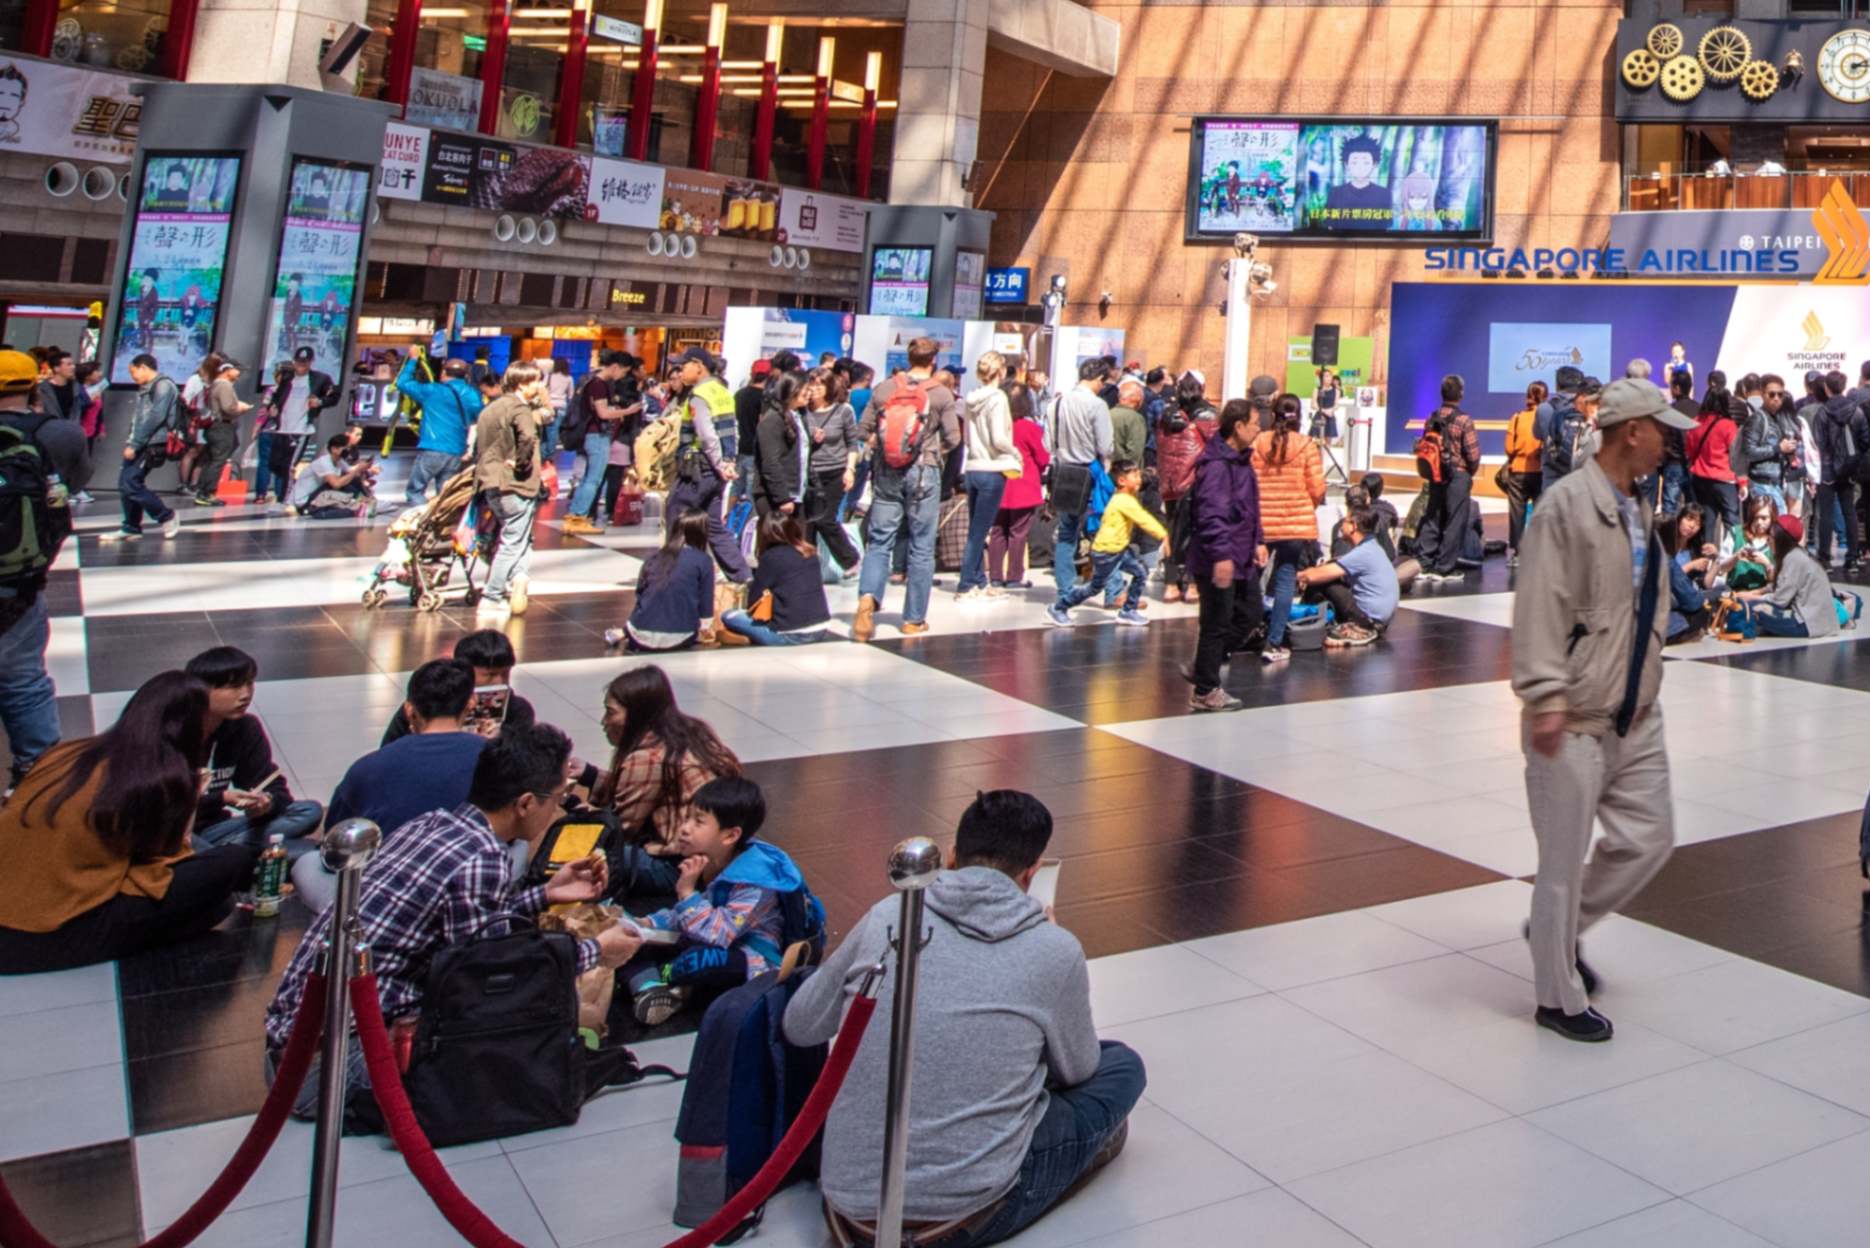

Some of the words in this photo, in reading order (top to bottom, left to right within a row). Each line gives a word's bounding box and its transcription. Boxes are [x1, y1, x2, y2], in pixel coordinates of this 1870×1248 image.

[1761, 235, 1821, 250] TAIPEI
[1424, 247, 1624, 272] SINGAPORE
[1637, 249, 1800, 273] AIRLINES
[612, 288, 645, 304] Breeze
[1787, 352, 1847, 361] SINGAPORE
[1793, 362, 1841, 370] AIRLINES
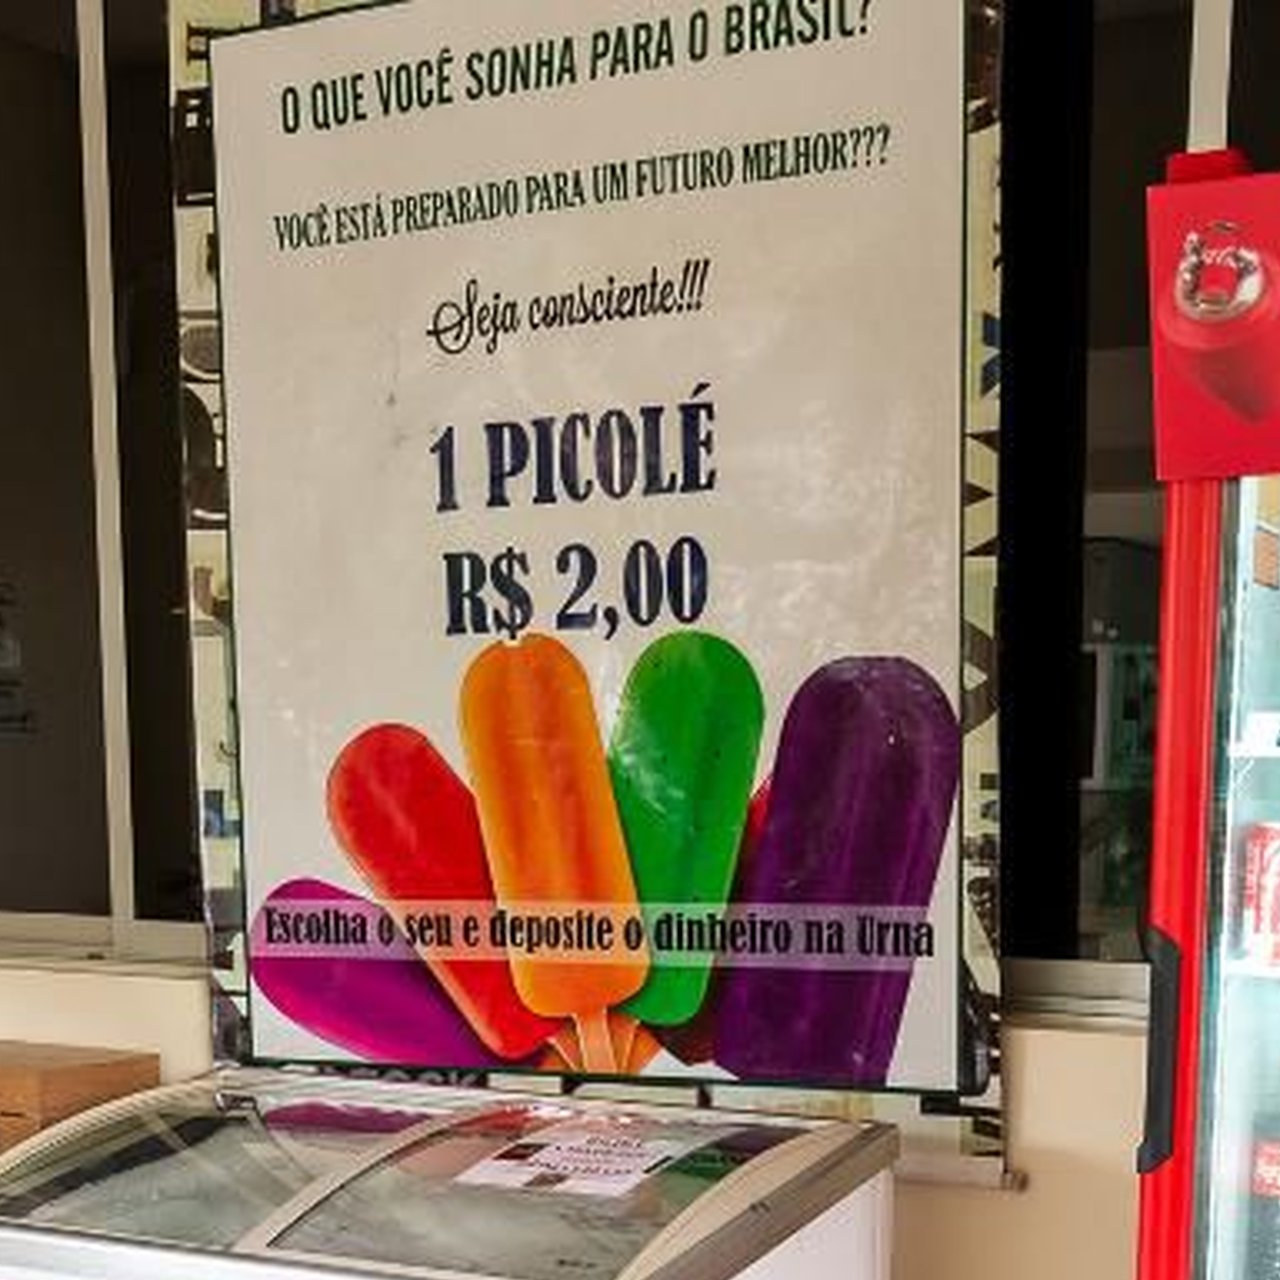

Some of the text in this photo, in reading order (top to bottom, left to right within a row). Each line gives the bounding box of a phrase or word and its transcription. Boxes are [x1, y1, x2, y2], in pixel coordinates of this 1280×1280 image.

| TASK BRIEF |
Return the listing exactly as it appears, excluding any image.

| SOLUTION TO THIS TASK |
Some of the words in this photo, in reading order (top to bottom, left to right within a row). Each line gives a word's bounding box and its transcription. Boxes are [x1, y1, x2, y2], in pixel coordinates of this 1870×1248 image.

[1761, 235, 1821, 250] TAIPEI
[1424, 247, 1624, 272] SINGAPORE
[1637, 249, 1800, 273] AIRLINES
[612, 288, 645, 304] Breeze
[1787, 352, 1847, 361] SINGAPORE
[1793, 362, 1841, 370] AIRLINES

Some of the text in this photo, in reading order (top to bottom, left to right within a row). Each line gives the bounding box of a phrase or word and its transcription. Boxes are [x1, y1, x2, y2], in pixel coordinates of this 1280×1280 image.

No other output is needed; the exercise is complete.